The Cavalier Daily
Serving the University Community Since 1890

No benefit in opening honor trials

IN A RECENT editorial entitled "An open honor system," the managing board of The Cavalier Daily urged the Honor Committee to open all Honor trials to the public. The request, offered with the highest degrees of sincerity and candor, and, as I have found, affirmed by numerous students on Grounds, merits a response on a few points.

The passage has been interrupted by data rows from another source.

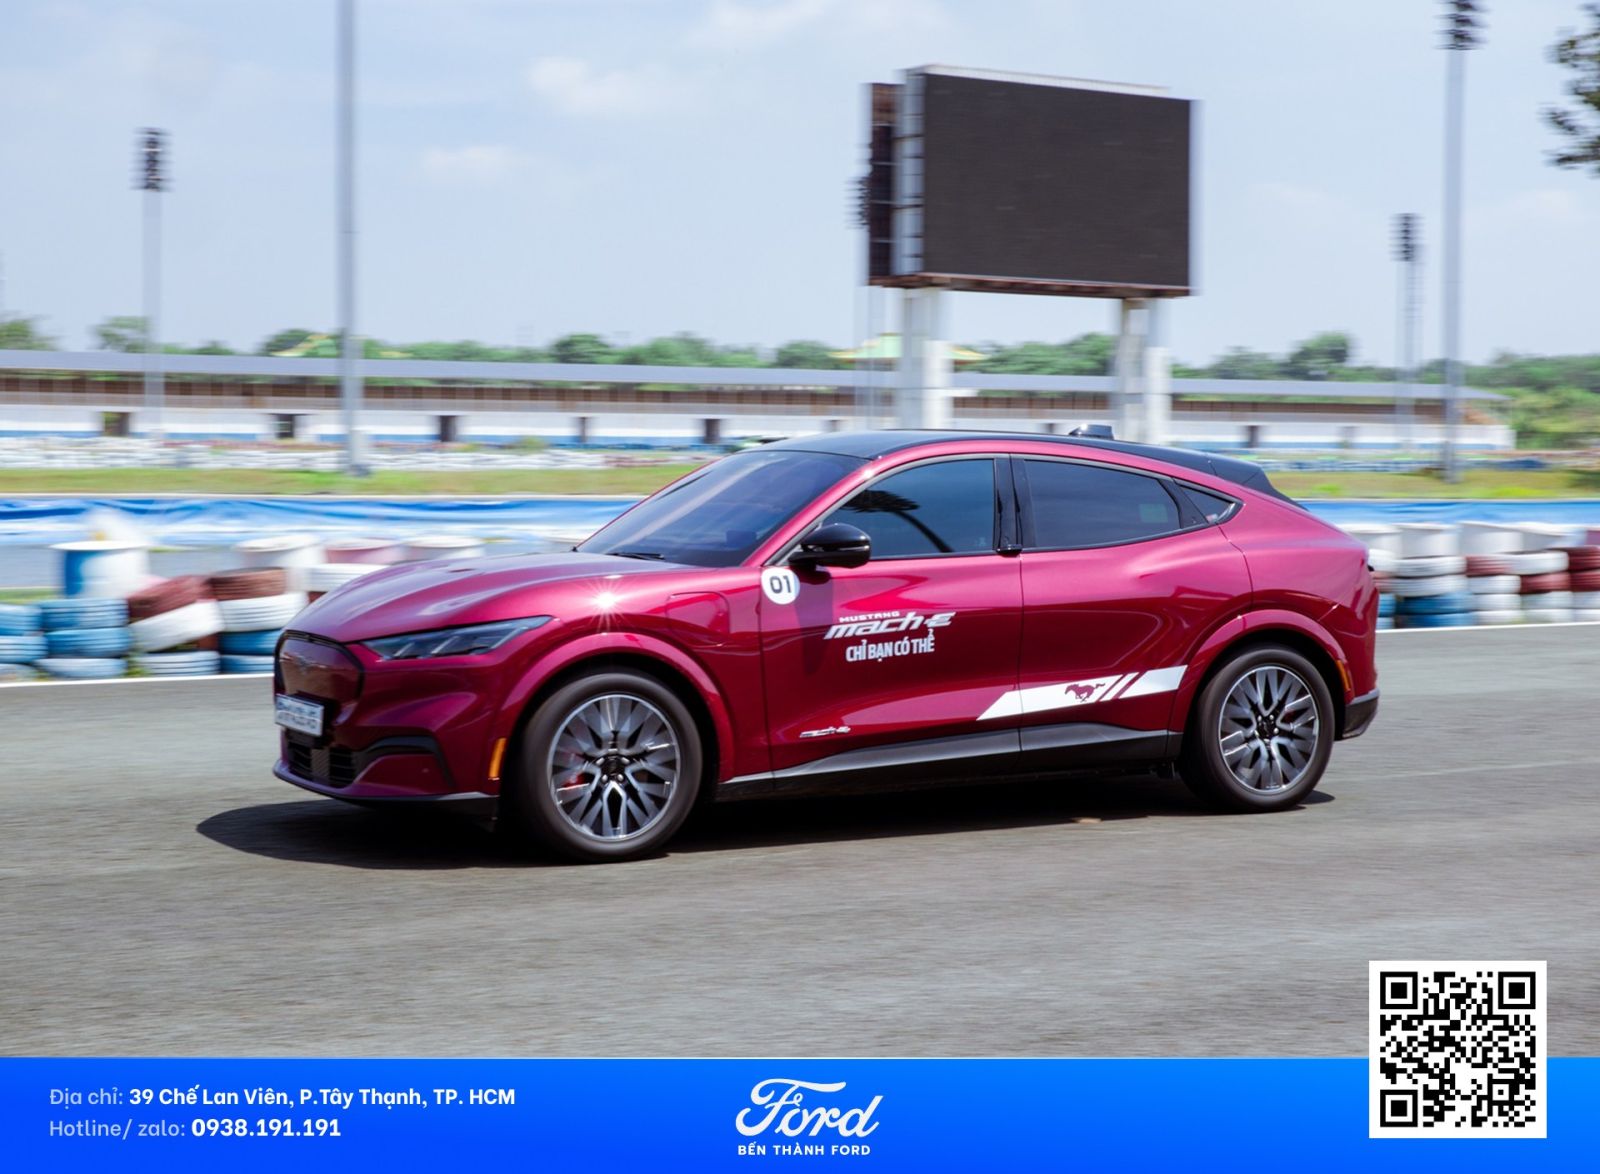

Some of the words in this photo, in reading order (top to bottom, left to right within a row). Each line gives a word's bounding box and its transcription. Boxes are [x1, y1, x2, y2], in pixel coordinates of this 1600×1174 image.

[770, 575, 792, 594] 01
[839, 611, 900, 623] MUSTANG
[845, 638, 867, 662] CHỈ
[868, 641, 893, 662] BẠN
[894, 636, 910, 656] CÓ
[911, 628, 936, 654] THỂ
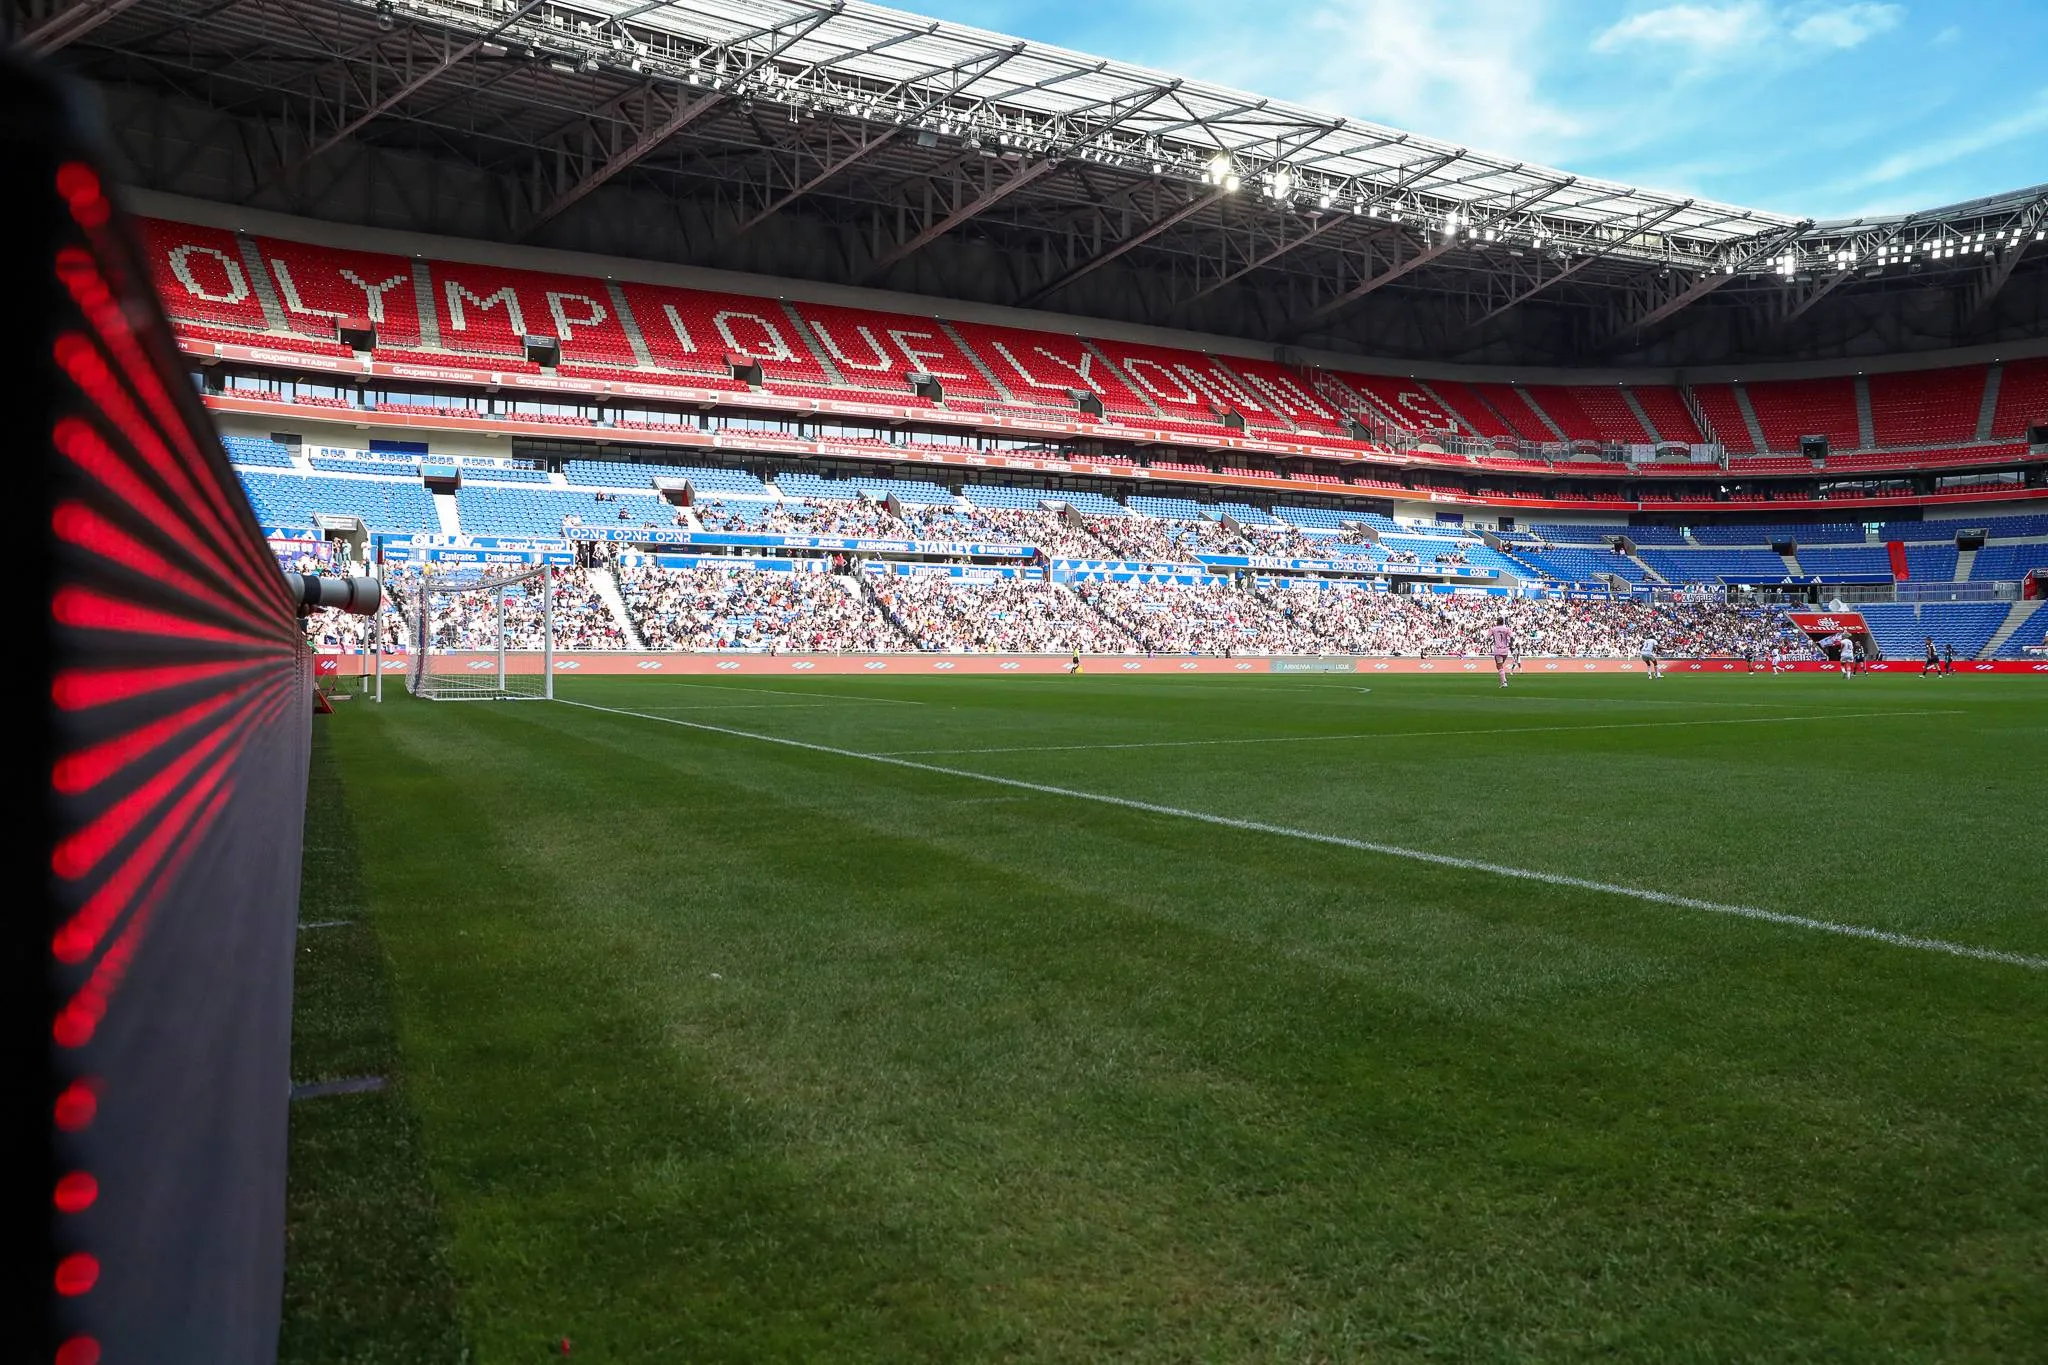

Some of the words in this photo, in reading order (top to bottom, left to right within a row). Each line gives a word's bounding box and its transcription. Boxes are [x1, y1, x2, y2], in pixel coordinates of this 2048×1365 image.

[168, 244, 967, 380] OLYMPIQUE
[250, 350, 299, 364] Groupama
[301, 358, 337, 368] STADIUM
[393, 366, 437, 378] Groupama
[440, 371, 473, 380] STADIUM
[516, 376, 558, 387] Groupama
[560, 380, 591, 390] STADIUM
[570, 528, 607, 540] OPNR
[614, 529, 650, 541] OPNR
[656, 532, 691, 542] OPNR
[916, 542, 973, 554] STANLEY
[440, 552, 477, 561] Emirates
[485, 553, 522, 562] Emirates
[1248, 558, 1292, 568] STANLEY
[909, 566, 950, 576] Emirates
[962, 568, 1003, 578] Emirates
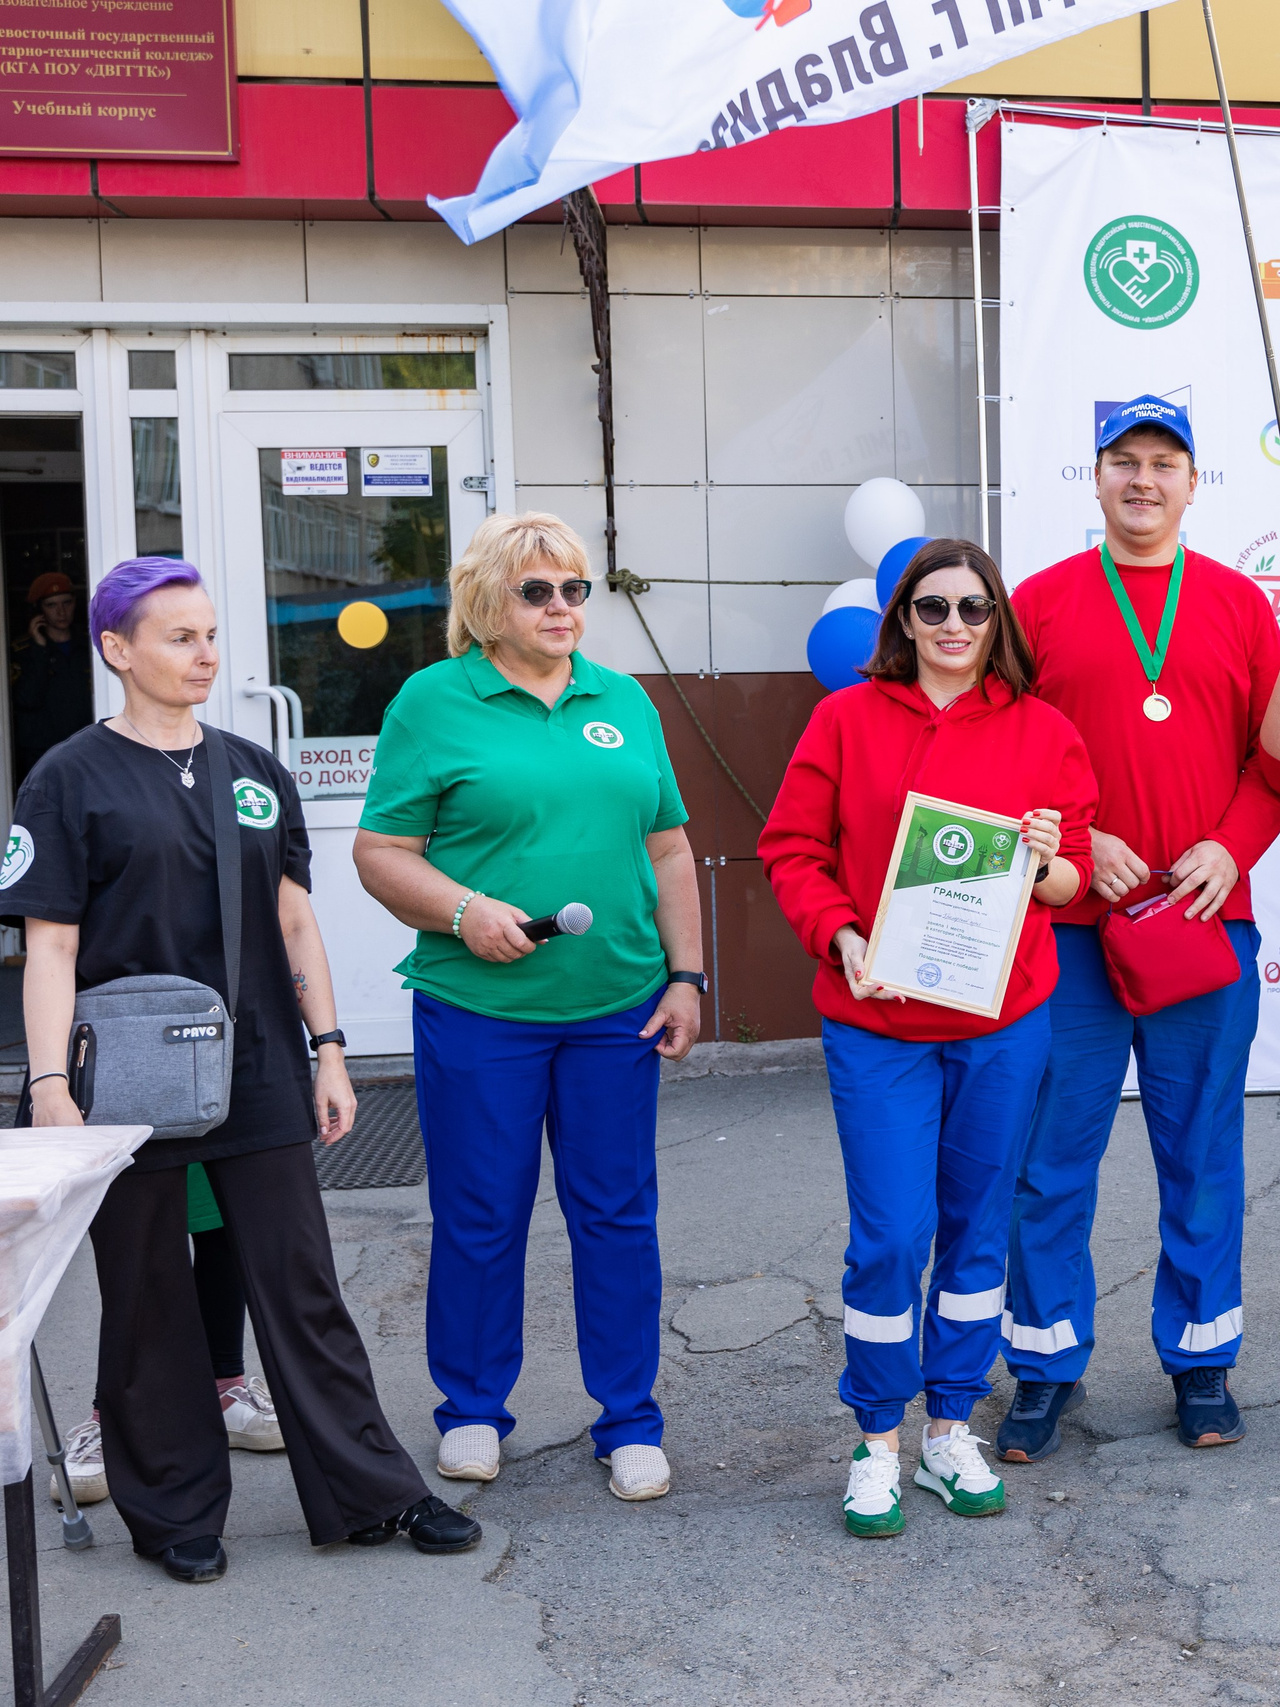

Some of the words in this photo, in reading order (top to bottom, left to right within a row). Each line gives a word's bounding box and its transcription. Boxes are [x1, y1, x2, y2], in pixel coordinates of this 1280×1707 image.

Students who advocate mandatory open trials are wise in being mindful of the interest of the University student body, which open trials would perhaps serve. The University student body cannot, however, overlook the protection of accused students' privacy, which is the purpose of a closed trial. The managing board correctly points out that the accused student has the option of an open or closed trial, but they disregard the fact that if all trials were open to the community, it is the accused student, rather than the University as a whole, who is abused as a result. Falsely accused students would still have to deal with the stigma of an accusation. There is undoubtedly a tension between individual privacy and accountability to the student body, but it is worth remembering that protection of accused students is protection of the community, since individuals from the community at large are the ones who are inevitably brought to trial.

There is more to this issue, though, beyond the mere theoretical utility of closed trials. Students who allege a lack of faith in honor trials both overrate the existence of this sentiment and misappropriate who has the power to rectify the supposed problem. The incoming Honor Committee, to whom most students implicitly address their concerns, simply has no power granted to it by the Honor Constitution to open trials to the student body. It is my estimate that University students would find a Committee declaration opening all trials -- even one made with the power to do so -- to be a far greater offense toward the impartial rule of law than the current option, held solely by an accused student, to keep a trial private. The claim commonly set forth by students that the Committee should open its procedures to the student body at large rings hollow.

The claim is further weakened since, during any given University election, students have every right to propose and campaign for a referendum hereafter mandating open trials. In the recent set of student elections, the one in which the question "Is Greg delightful?" found its way on the ballot, try as I may have, I could find no referenda demanding open honor trials. The paucity of student concern either undermines all claims of lacking faith, or it confirms computer engineering Prof. Ronald Williams' concern, voiced in the first article of The Cavalier Daily's five-part series on the honor system, regarding general apathy toward honor within the student body. The continual validation of the honor system by students, in the form of voting for Committee members and other referenda, accompanied by the absence of electoral demands for open trials, may contradict the claims of the managing board and students alike that a substantial lack of faith in honor does, in fact, exist.

However, I find much to commend Williams' view regarding student validation. Therefore, if it is student apathy that leaves the closed trial option in place, then the matter of student involvement, rather than that of open trials, is the one primarily at stake here. Students are frequently reminded of the fact that honor is the exemplar of a government in which power is derived from the consent of the governed. In such a system -- often referred to as a democracy -- a vote of apathy is nevertheless a vote. Be it a matter of student apathy or latent student confidence, the matter of mandatory open trials is not a forefront issue at this point. It can only become one, and indeed the efficacy of honor can only be affirmed, insofar as a large student movement develops to do so in the future.

Let me underscore this with one final point. As a transfer student, I can attest to the difference in atmosphere present within universities which lack a structure such as the honor system. As such, I see no reason in hiding my fondness for and recurrent amazement at our system of justice, wholly run by students, which seeks to articulate and uphold academic ethics and morality, and place them in the public square for open discussion. Perhaps it is for lack of experience at other universities, but I fear that most students on Grounds do not share this sentiment -- though I wish that I could make them do so. Honor is, for students of the University, an immense privilege, but only if they can keep it.

Zach Williams is a third year in the College. He is a member of the Honor Counsel.